Diagnosis, Treatment, and Prevention: Q fever is diagnosed through serological testing. Treatment of chronic Q fever is challenging because antibiotics must penetrate the acidic phagolysosome; doxycycline, often combined with a fluoroquinolone, is commonly used for long-term therapy. An effective vaccine exists but is not available in the United States. Prevention relies on avoiding inhalation of contaminated dust from animal or barnyard waste and practicing safe handling of livestock.
Treponema
Treponema is a genus of human pathogenic spirochetes, with Treponema pallidum pallidum being the causative agent of syphilis.

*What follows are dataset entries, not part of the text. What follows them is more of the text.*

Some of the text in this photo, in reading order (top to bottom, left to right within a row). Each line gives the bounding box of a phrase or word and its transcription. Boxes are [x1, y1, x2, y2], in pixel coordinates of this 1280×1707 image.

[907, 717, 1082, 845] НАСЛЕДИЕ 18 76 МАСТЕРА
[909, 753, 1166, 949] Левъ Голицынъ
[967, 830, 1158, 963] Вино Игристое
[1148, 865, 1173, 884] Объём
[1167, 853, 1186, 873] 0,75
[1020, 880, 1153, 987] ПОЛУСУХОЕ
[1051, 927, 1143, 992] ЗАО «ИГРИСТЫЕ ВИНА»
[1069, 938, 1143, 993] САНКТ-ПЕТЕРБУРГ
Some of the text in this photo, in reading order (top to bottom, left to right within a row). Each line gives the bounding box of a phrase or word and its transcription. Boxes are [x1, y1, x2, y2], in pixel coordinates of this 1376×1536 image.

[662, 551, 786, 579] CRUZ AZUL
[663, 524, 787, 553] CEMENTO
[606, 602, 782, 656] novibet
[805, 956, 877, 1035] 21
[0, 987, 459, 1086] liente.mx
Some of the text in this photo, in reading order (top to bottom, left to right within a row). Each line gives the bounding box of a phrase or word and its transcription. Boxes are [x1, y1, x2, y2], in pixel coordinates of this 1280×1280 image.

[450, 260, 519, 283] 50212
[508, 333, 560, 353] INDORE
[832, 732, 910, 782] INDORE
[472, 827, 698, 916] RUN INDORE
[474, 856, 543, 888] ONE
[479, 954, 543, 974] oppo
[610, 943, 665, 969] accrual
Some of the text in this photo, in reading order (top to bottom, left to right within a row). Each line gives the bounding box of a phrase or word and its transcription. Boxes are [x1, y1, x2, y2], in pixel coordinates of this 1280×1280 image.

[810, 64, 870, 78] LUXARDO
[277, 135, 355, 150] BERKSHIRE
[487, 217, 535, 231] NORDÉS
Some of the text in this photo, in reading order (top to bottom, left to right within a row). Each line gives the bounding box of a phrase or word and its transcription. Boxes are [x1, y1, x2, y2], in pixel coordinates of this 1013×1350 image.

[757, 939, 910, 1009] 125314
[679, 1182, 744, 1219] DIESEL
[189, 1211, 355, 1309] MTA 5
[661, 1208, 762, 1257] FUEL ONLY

The bacterium is extremely thin and helical, making it hard to visualize with standard microscopy. It is highly sensitive to environmental conditions and survives only in human hosts. Pathogenicity is linked to its ability to adhere to host cells via surface proteins and to produce enzymes like hyaluronidase, which help it penetrate intercellular spaces. It also has a protective glycocalyx that reduces phagocytosis. Syphilis progresses through primary, secondary, latent, and tertiary stages. Primary infection forms a painless chancre rich in spirochetes, which disseminate via the bloodstream. Secondary syphilis involves systemic spread, causing rash, fever, malaise, and lymphadenopathy. In the latent phase, the bacteria persist in tissues without symptoms. Tertiary syphilis results from immune-mediated tissue damage rather than direct bacterial activity, causing gummas, cardiovascular, and neurological complications. Congenital syphilis occurs when the spirochetes cross the placenta, potentially causing fetal death or organ malformations. Other Treponema species, like T. pallidum endemicum, T. pallidum pertenue, and T. carateum, cause nonvenereal diseases (bejel, yaws, and pinta), which are primarily localized skin and bone infections in children.
Borrelia
Borrelia species are Gram-negative spirochetes causing Lyme disease and relapsing fever. Borrelia burgdorferi is transmitted by Ixodes ticks and causes Lyme disease. Its pathogenicity involves evading the immune system, partly by lacking iron-dependent enzymes and using manganese instead, which reduces host-mediated oxidative killing. It adheres to connective tissue and vascular endothelium, triggering inflammation that contributes to arthritis, neurological symptoms, and cardiac dysfunction. Relapsing fever, caused by Borrelia recurrentis (louse-borne) or tick-borne species, is marked by recurrent fevers due to antigenic variation of surface proteins. This allows Borrelia to repeatedly evade the immune system, causing cycles of septicemia and fever. The bacteria’s presence in blood during febrile episodes facilitates diagnosis via blood smears, while serology confirms Lyme disease. Treatment is doxycycline or penicillin, and prevention focuses on avoiding vectors, using repellents, and maintaining hygiene.
Leptospira
Leptospira species, particularly Leptospira interrogans, are thin, highly motile, aerobic spirochetes causing leptospirosis. Pathogenicity stems from their ability to penetrate intact mucous membranes or small skin abrasions, disseminate via the bloodstream, and damage endothelial cells lining small blood vessels. This can lead to hemorrhage, liver and kidney dysfunction, and systemic inflammation. The bacteria colonize renal tubules, from where they are excreted in urine, sustaining environmental contamination and zoonotic transmission. Humans typically acquire infection through direct contact with animal urine or indirectly through contaminated water or soil. Diagnosis relies on antibody detection, and treatment is intravenous penicillin. Prevention includes rodent control, avoiding contaminated environments, and vaccinating domestic animals.